Mais, dira-t-on, les enveloppes et le placenta devraient alors être un autre fœtus qui serait femelle si le premier était mâle, et qui serait mâle si le premier était femelle, car le premier n’ayant consommé pour se former que les molécules organiques des parties sexuelles de l’un des individus et autant d’autres molécules organiques de l’un et de l’autre des individus, qu’il en fallait pour sa composition entière, il reste toutes les molécules des parties sexuelles de l’autre individu, et de plus la moitié des autres molécules communes aux deux individus.
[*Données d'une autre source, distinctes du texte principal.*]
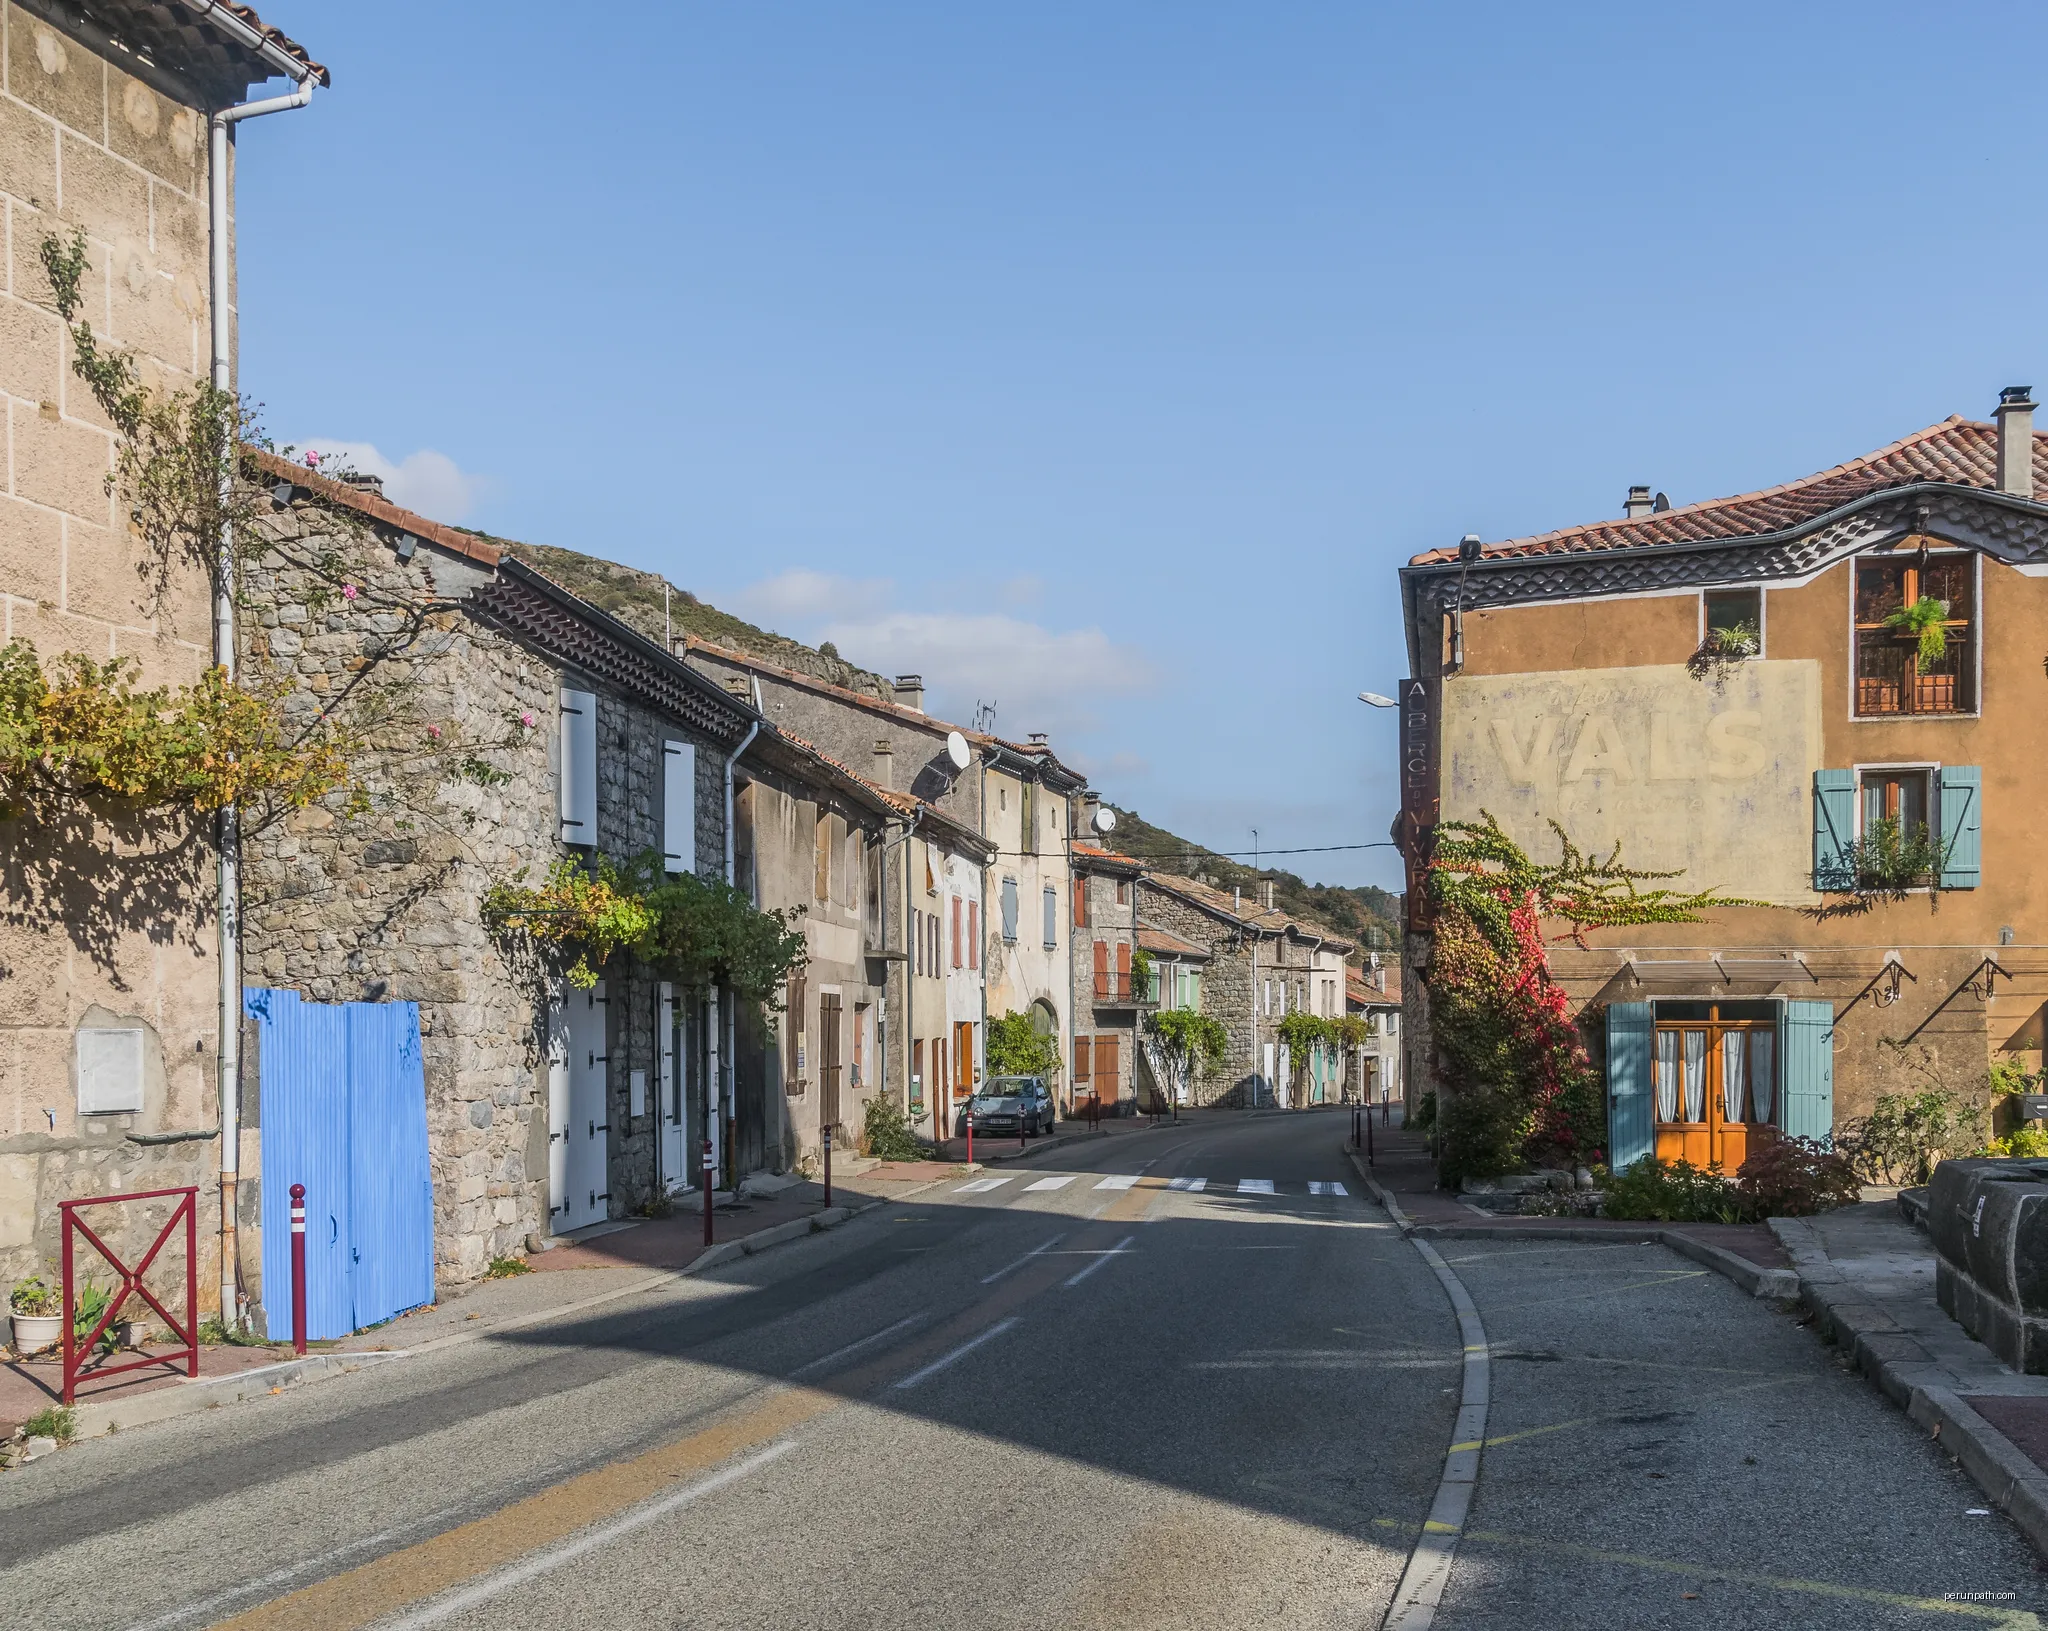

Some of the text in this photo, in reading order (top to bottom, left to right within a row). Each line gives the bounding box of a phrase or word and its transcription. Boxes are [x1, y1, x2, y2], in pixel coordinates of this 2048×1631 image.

[1408, 681, 1428, 789] AUBERGE
[1488, 710, 1766, 786] VALS
[1408, 809, 1429, 929] VIVARAIS
À cela on peut répondre que la première réunion, le premier établissement local des molécules organiques, empêche que la seconde réunion se fasse, ou du moins se fasse sous la même forme ; que le fœtus étant formé le premier, il exerce une force à l’extérieur qui dérange l’établissement des autres molécules organiques, et qui leur donne l’arrangement qui est nécessaire pour former le placenta et les enveloppes ; que c’est par cette même force qu’il s’approprie les molécules nécessaires à son premier accroissement, ce qui cause nécessairement un dérangement qui empêche d’abord la formation d’un second fœtus, et produit ensuite un arrangement dont résulte la forme du placenta et des membranes.

Nous sommes assurés par ce qui a été dit ci-devant, et par les expériences et les observations que nous avons faites, que tous les êtres vivants contiennent une grande quantité de molécules vivantes et actives : la vie de l’animal ou du végétal ne paraît être que le résultat de toutes les actions, de toutes les petites vies particulières (s’il m’est permis de m’exprimer ainsi) de chacune de ces molécules actives, dont la vie est primitive et paraît ne pouvoir être détruite[NdÉ 1] ; nous avons trouvé ces molécules vivantes

  1. Si au terme « molécules vivantes » dont fait usage Buffon, nous substituons le terme « cellules », sa proposition devient tout à fait exacte, et nous pouvons dire que chaque cellule est douée d’une vie propre, et que « la vie de l’animal ou du végétal n’est que le résultat de toutes les actions, de toutes les petites vies particulières ». Par une sorte de divination géniale, Buffon entrevoyait la solution du problème ; mais l’état précaire dans lequel se trouvait, à son époque, les sciences biologiques ne lui permettait pas d’en poser exactement les termes.